• Work instructions
Without including any pictures, write out all the entries exactly.

• Data to process
- Opening Delimiter -
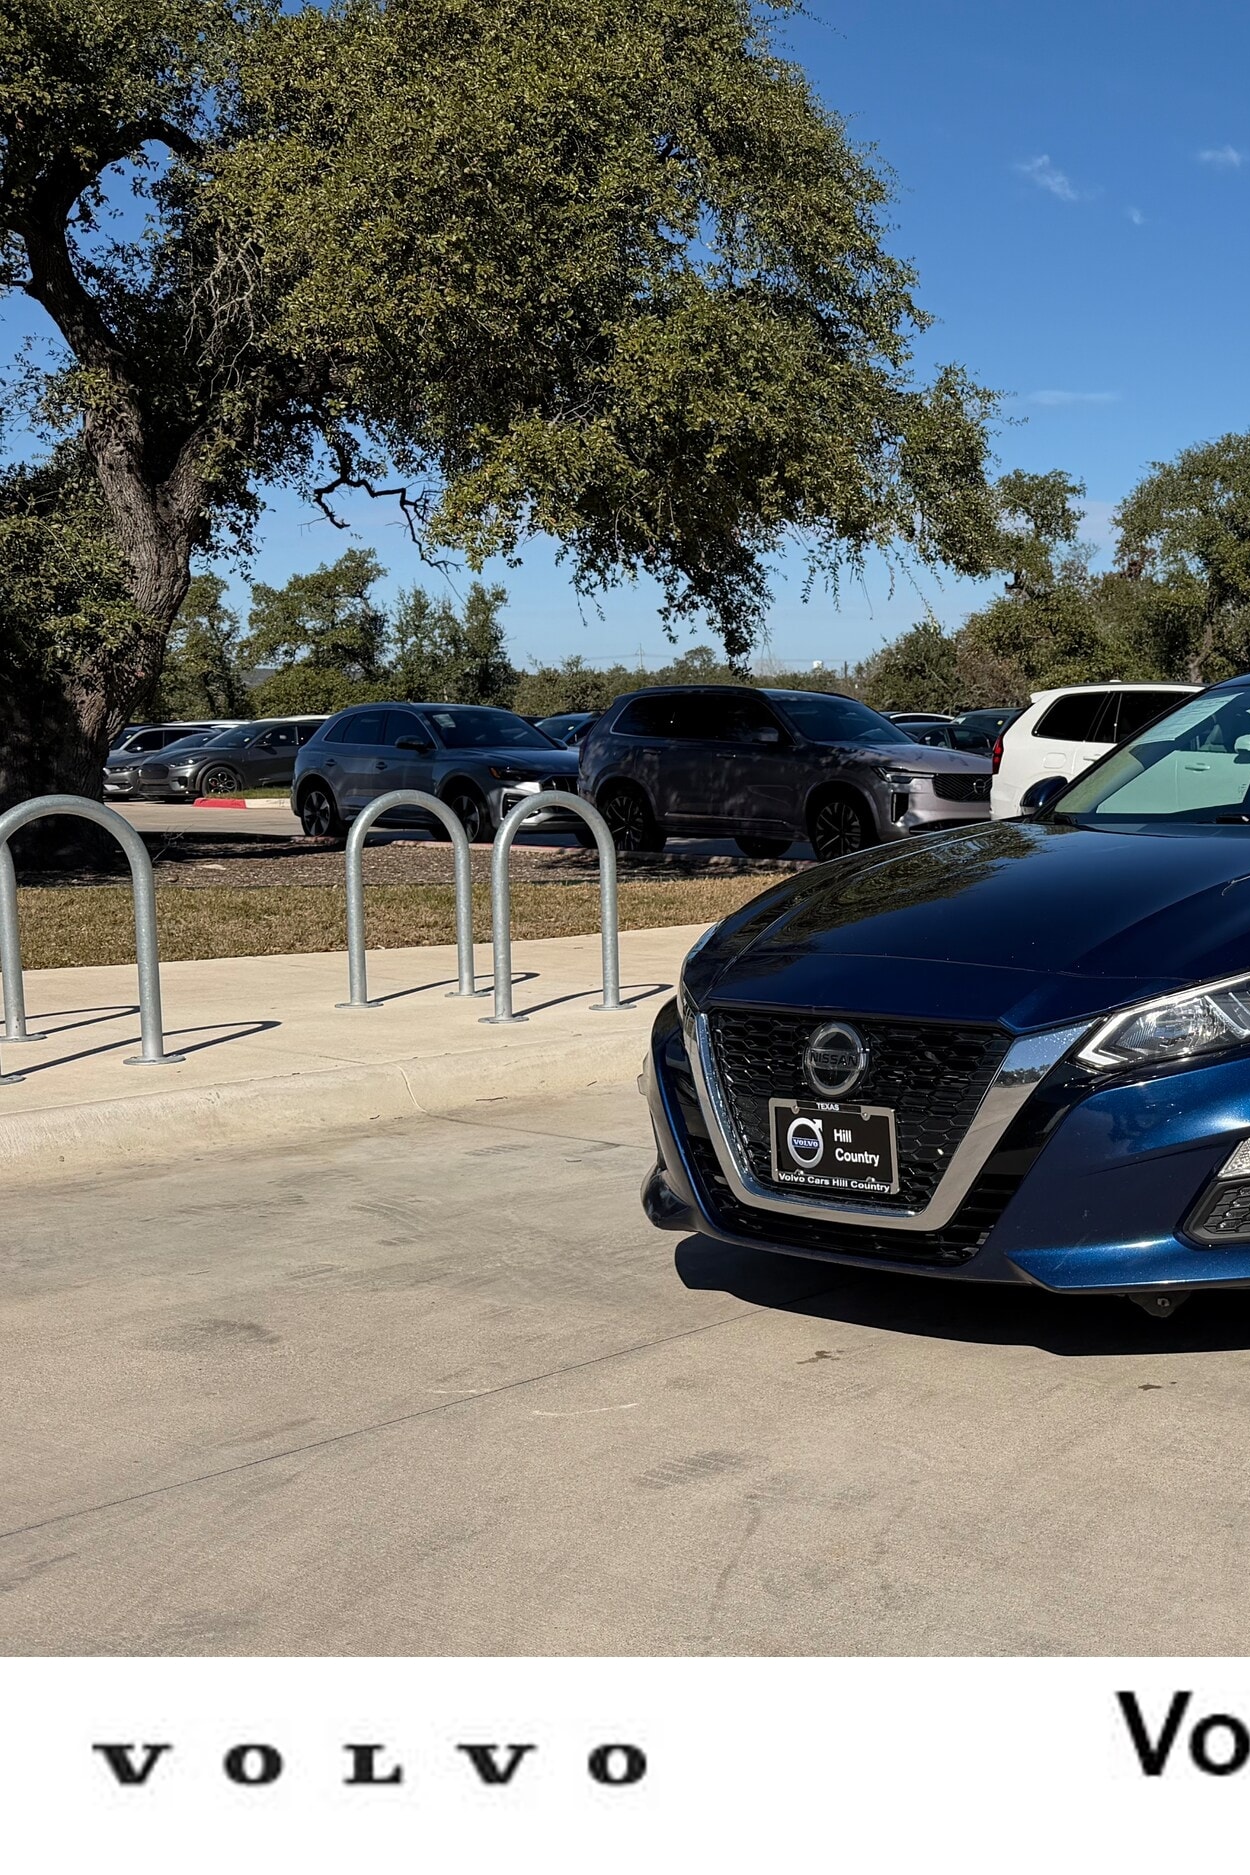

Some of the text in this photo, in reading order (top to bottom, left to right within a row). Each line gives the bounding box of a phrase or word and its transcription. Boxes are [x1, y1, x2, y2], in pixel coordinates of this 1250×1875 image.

[811, 1052, 858, 1067] NISSAN
[816, 1102, 840, 1112] TEXAS
[833, 1128, 852, 1143] Hill
[793, 1139, 819, 1148] VOLVO
[835, 1148, 880, 1167] Country
[779, 1172, 890, 1193] Volvo Cars Hill Country
- Closing Delimiter -
• Task result
Some of the text in this photo, in reading order (top to bottom, left to right within a row). Each line gives the bounding box of a phrase or word and its transcription. Boxes are [x1, y1, x2, y2], in pixel coordinates of this 1250×1875 image.

[811, 1052, 858, 1067] NISSAN
[816, 1102, 840, 1112] TEXAS
[833, 1128, 852, 1143] Hill
[793, 1139, 819, 1148] VOLVO
[835, 1148, 880, 1167] Country
[779, 1172, 890, 1193] Volvo Cars Hill Country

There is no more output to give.